Jacinthe Laguë et Vincent Bilodeau : État de choc
Scène

Jacinthe Laguë et Vincent Bilodeau : État de choc

Jacinthe Laguë et Vincent Bilodeau participeront à la version contemporaine d’Antigone de Seamus Heany, traduite ici par Marie-Claire Blais. Une allégorie du pouvoir qui prendra sous peu l’affiche au TNM, dans une mise en scène de Lorraine Pintal.

Il n’y a pas si longtemps, mourir pour des idées nous semblait incongru. Pourtant, force est de constater que le phénomène prend une expansion mondiale. Plus politique que jamais, l’Antigone traduite par Seamus Heany sera bientôt présentée au Théâtre du Nouveau Monde. "C’est clairement une version moderne, car le texte est direct", affirme d’emblée Vincent Bilodeau, qui incarnera le tyran Créon. "Ce texte est cru, net, contrairement aux versions très ronflantes du théâtre grec. L’auteur a coupé les longues diatribes des chœurs. Il n’a gardé que ce qui sert l’action. Les événements se succèdent donc à un rythme affolant, ce qui rend la pièce d’une actualité étonnante."

Après une guerre sanglante, le roi Créon interdit la sépulture du jeune Polynice, rebelle vigoureux contre le pouvoir en place. Sa sœur Antigone paiera de sa vie pour assurer au combattant un enterrement digne de sa lignée.
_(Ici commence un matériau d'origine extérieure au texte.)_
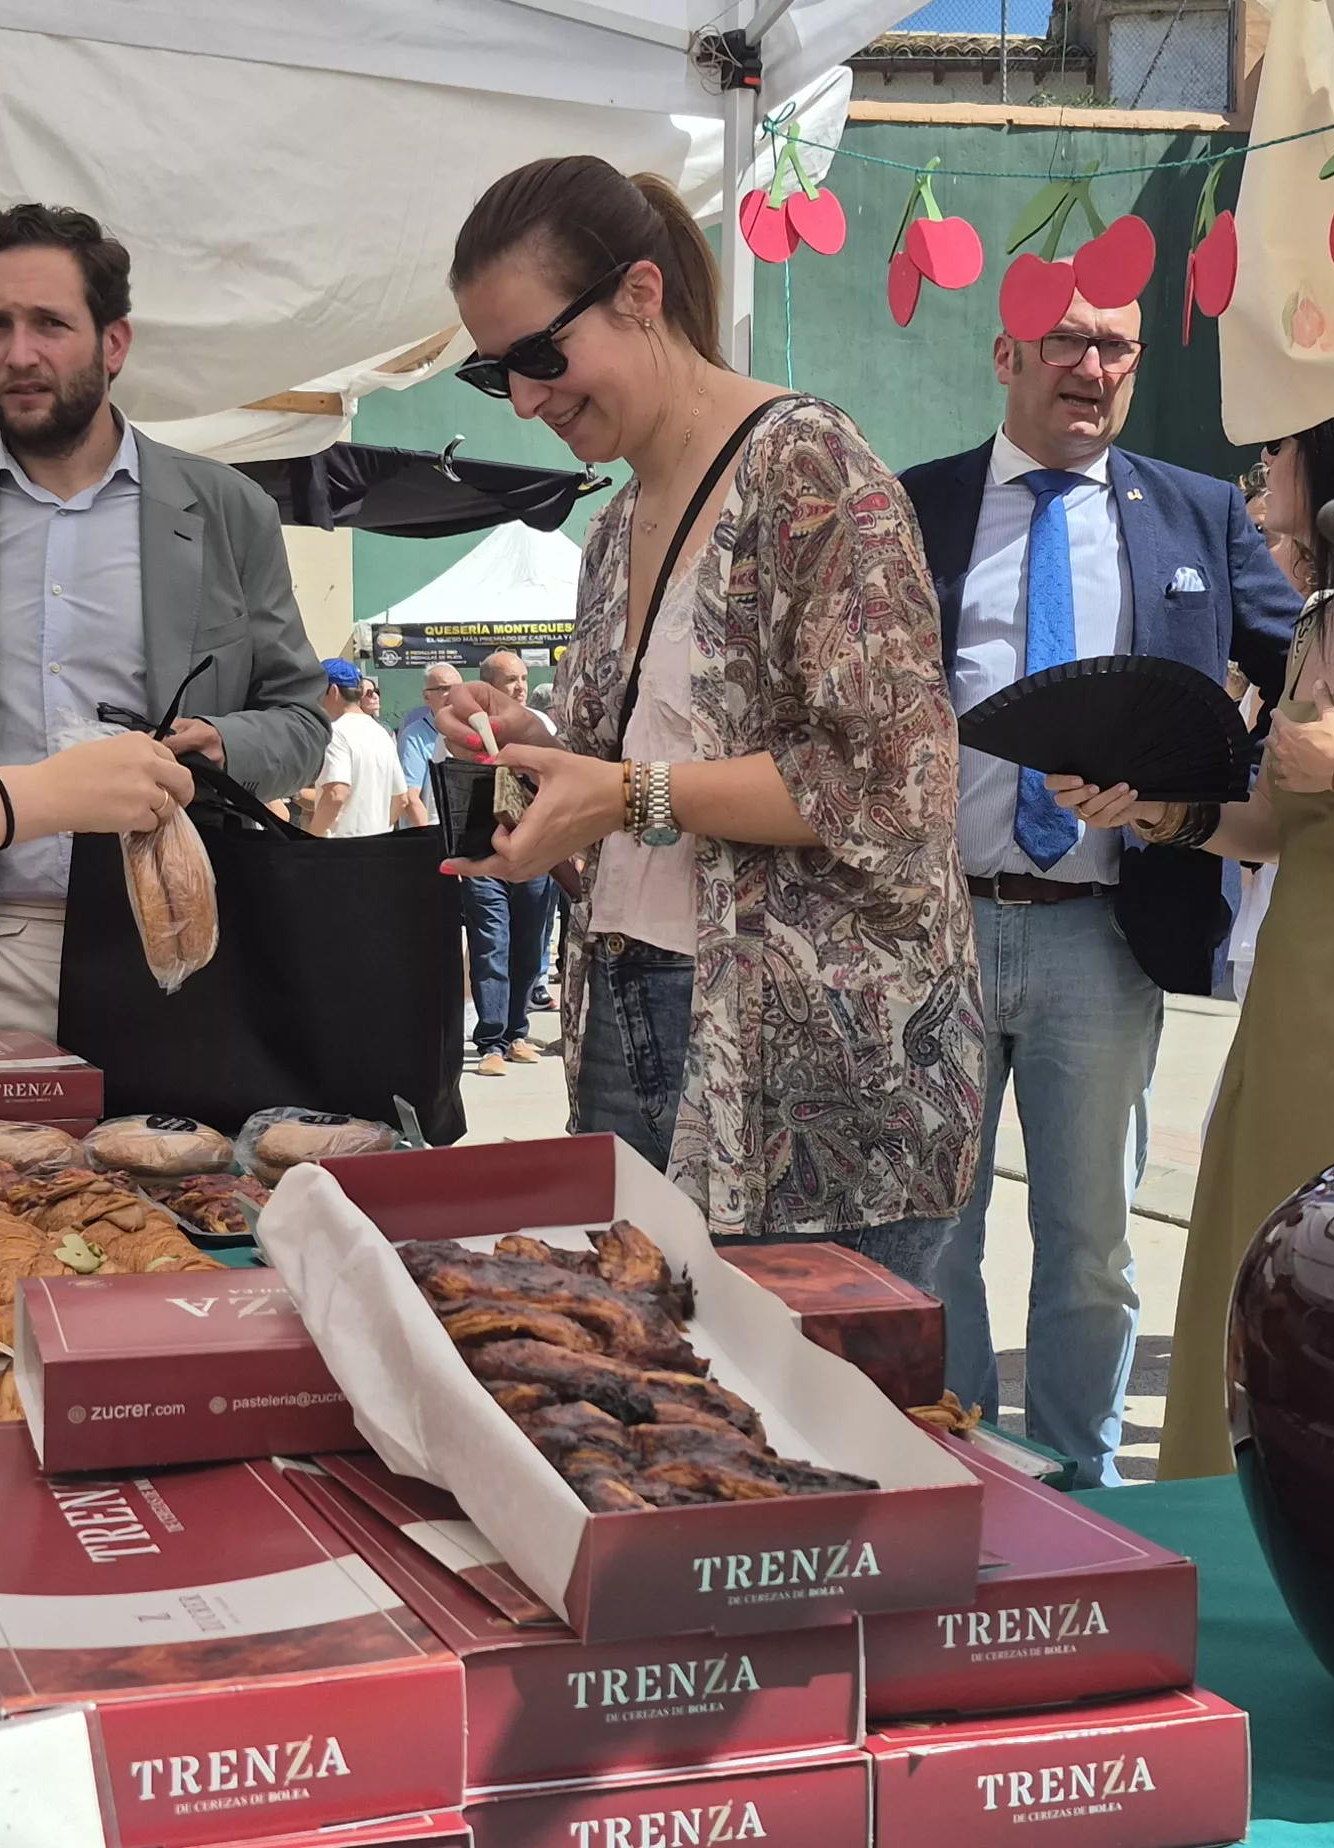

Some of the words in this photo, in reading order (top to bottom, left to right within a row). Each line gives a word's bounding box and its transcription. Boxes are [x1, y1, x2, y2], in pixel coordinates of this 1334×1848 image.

[424, 624, 490, 636] QUESERÍA
[91, 1401, 185, 1421] zucrer.com
[233, 1391, 349, 1411] pasteleria@zucre
[49, 1481, 161, 1563] TREN
[693, 1539, 881, 1592] TRENZA
[728, 1596, 743, 1606] DE
[744, 1591, 791, 1604] CEREZAS
[792, 1589, 806, 1599] DE
[808, 1585, 845, 1597] BOLEA
[937, 1598, 1110, 1648] TRENZA
[971, 1652, 984, 1662] DE
[986, 1648, 1029, 1661] CEREZAS
[1030, 1646, 1042, 1657] DE
[1044, 1644, 1077, 1655] BOLEA
[568, 1653, 761, 1709] TRENZA
[606, 1713, 620, 1723] DE
[622, 1709, 670, 1721] CEREZAS
[671, 1706, 685, 1716] DE
[687, 1702, 725, 1714] BOLEA
[130, 1734, 351, 1801] TRENZA
[977, 1753, 1157, 1811] TRENZA
[175, 1803, 192, 1815] DE
[194, 1796, 247, 1813] CEREZAS
[250, 1793, 265, 1805] DE
[268, 1788, 311, 1802] BOLEA
[1013, 1814, 1027, 1824] DE
[1028, 1808, 1072, 1822] CEREZAS
[1073, 1806, 1087, 1816] DE
[1089, 1802, 1123, 1814] BOLEA
[570, 1798, 767, 1848] TRENZA
Alors que le texte original de Sophocle traite de la guerre de Thèbes, Heany fait ici un bond dans le temps, fixant l’action dans la Grèce des années 60. "Quelqu’un qui ne connaît pas cette période historique ne verra aucune allusion dans le texte, poursuit Bilodeau. Par contre, les costumes et certains éléments du décor suggèrent l’époque de la dictature des colonels, ou renvoient même à l’aveuglement de l’administration Bush. Mais on pourrait imaginer ces personnages dans n’importe quel contexte politique."
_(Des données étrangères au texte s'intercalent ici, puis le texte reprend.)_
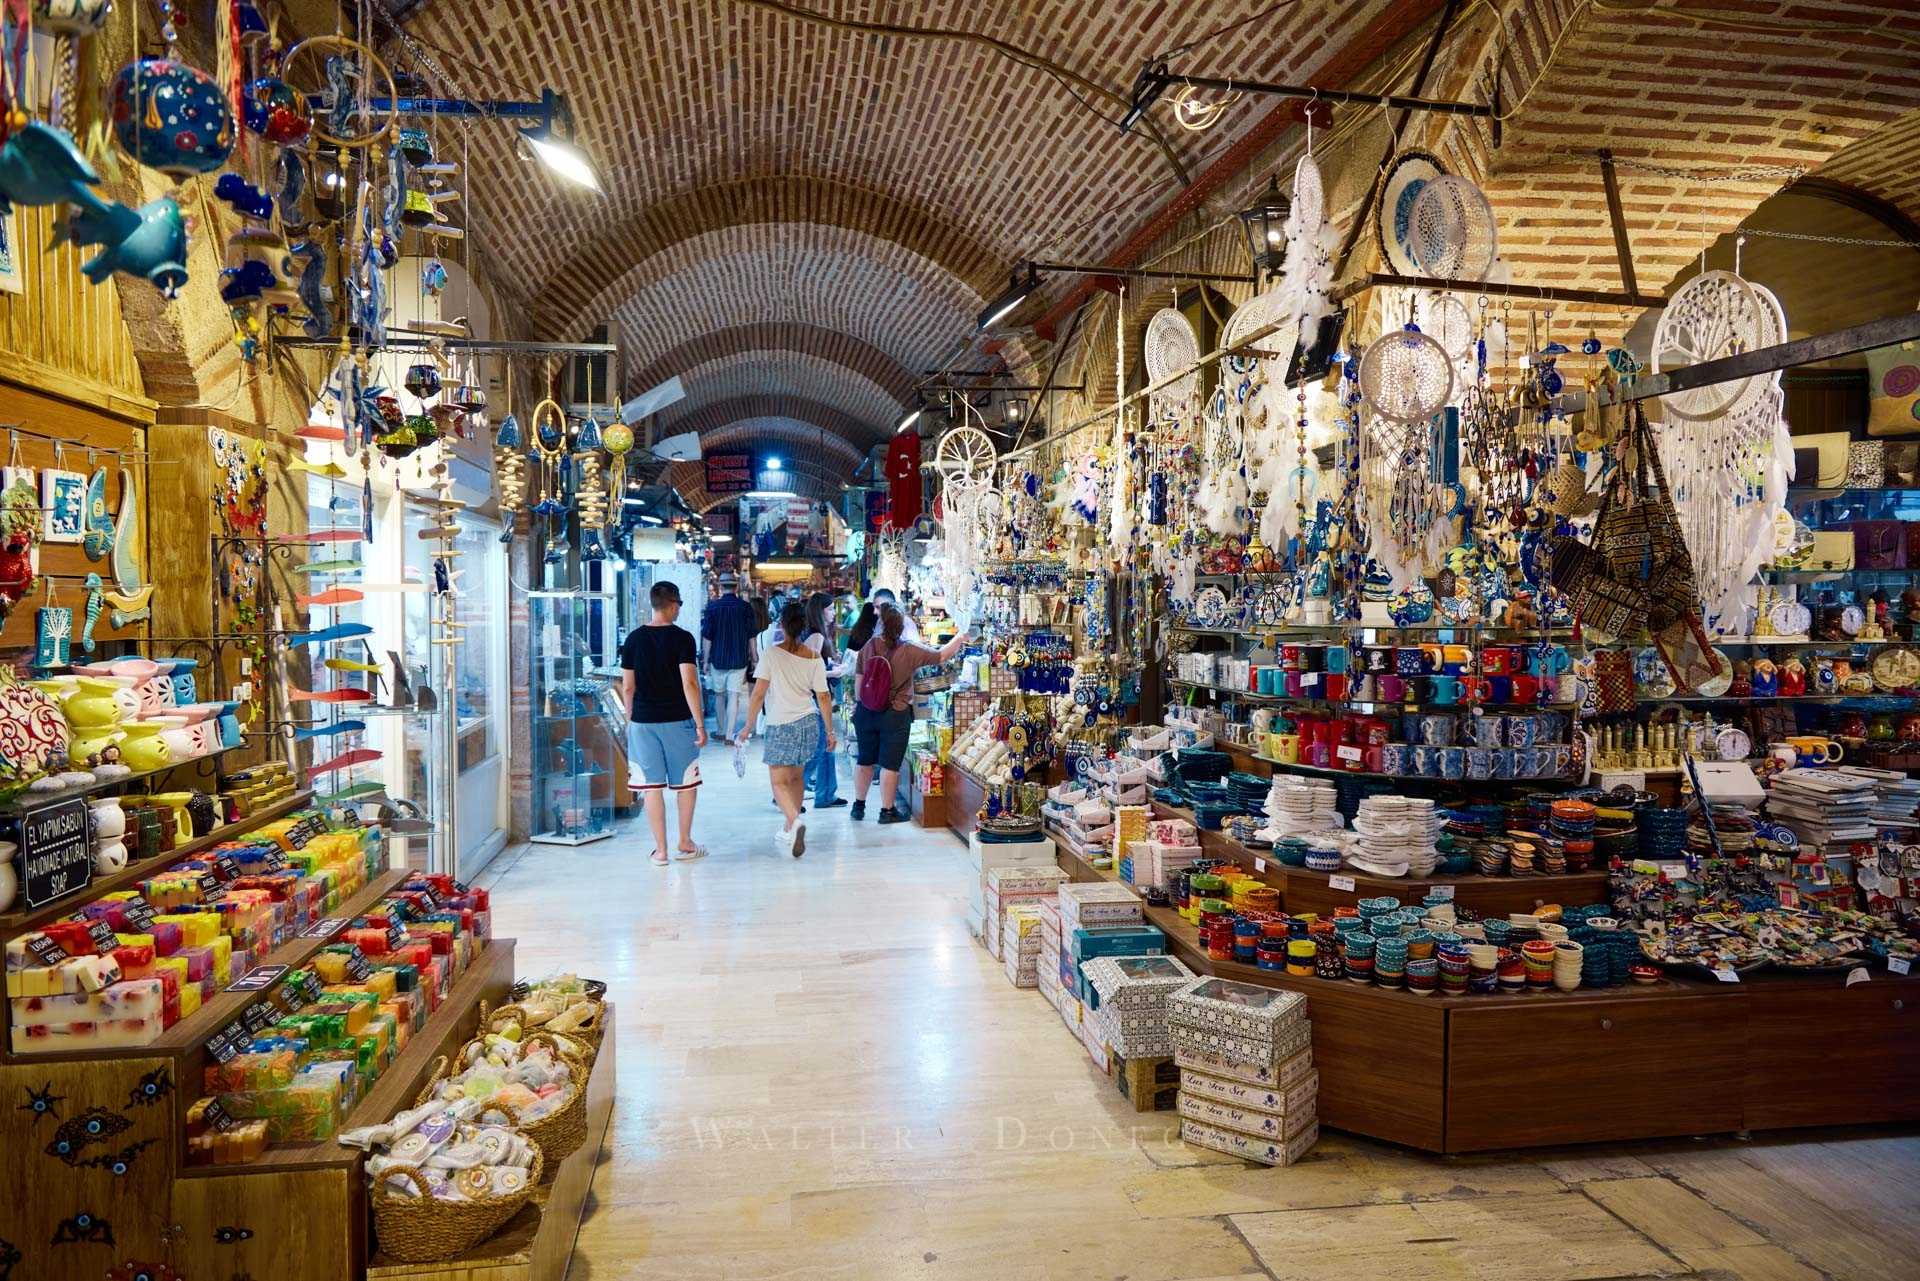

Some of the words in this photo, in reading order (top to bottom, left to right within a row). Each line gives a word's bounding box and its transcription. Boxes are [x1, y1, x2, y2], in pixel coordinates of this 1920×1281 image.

[28, 826, 38, 846] EL
[61, 811, 85, 835] SABUN
[27, 851, 61, 880] HANDMADE
[61, 841, 88, 867] NATURAL
[50, 871, 68, 896] SOAP
[1229, 1087, 1246, 1098] Set
[1227, 1110, 1244, 1122] Set
[1231, 1136, 1248, 1148] Set
La comédienne Jacinthe Laguë, qui interprétera l’exigeant rôle d’Antigone, considère également cette adaptation comme fort judicieuse. "Fixer l’action dans les années 60 permet un regard contemporain sur cette tragédie tout en nous permettant un recul nécessaire." L’actrice ne peut toutefois s’empêcher de comparer son personnage aux actuels kamikazes. "Comme eux, elle a un but à atteindre et elle s’empêche de penser à la mort, car sinon elle manquera de courage. Antigone traverse la pièce avec un seul objectif, elle tient son bout par orgueil, par passion, par amour. C’est seulement à la fin qu’elle ressent la peine immense à l’idée de mourir."

On ne cherchera pas non plus à minimiser des personnages qui à la base sont plus grands que nature. "Ce sont deux êtres en conflit, défend Laguë, et leurs objectifs les rendent tous deux aveugles. Ils demeurent excessifs et c’est important de le traduire. Il ne faut pas oublier ni nier qu’Antigone va trop loin." "L’affaire, c’est qu’aujourd’hui, il y a beaucoup de gens qui vont trop loin, ajoute Bilodeau. Voilà pourquoi la catharsis est plus difficile. On ne le voit pas parce qu’aujourd’hui, on travaille beaucoup sur l’image des dirigeants. On a accès à ces gens seulement par le truchement des journaux ou de la télévision."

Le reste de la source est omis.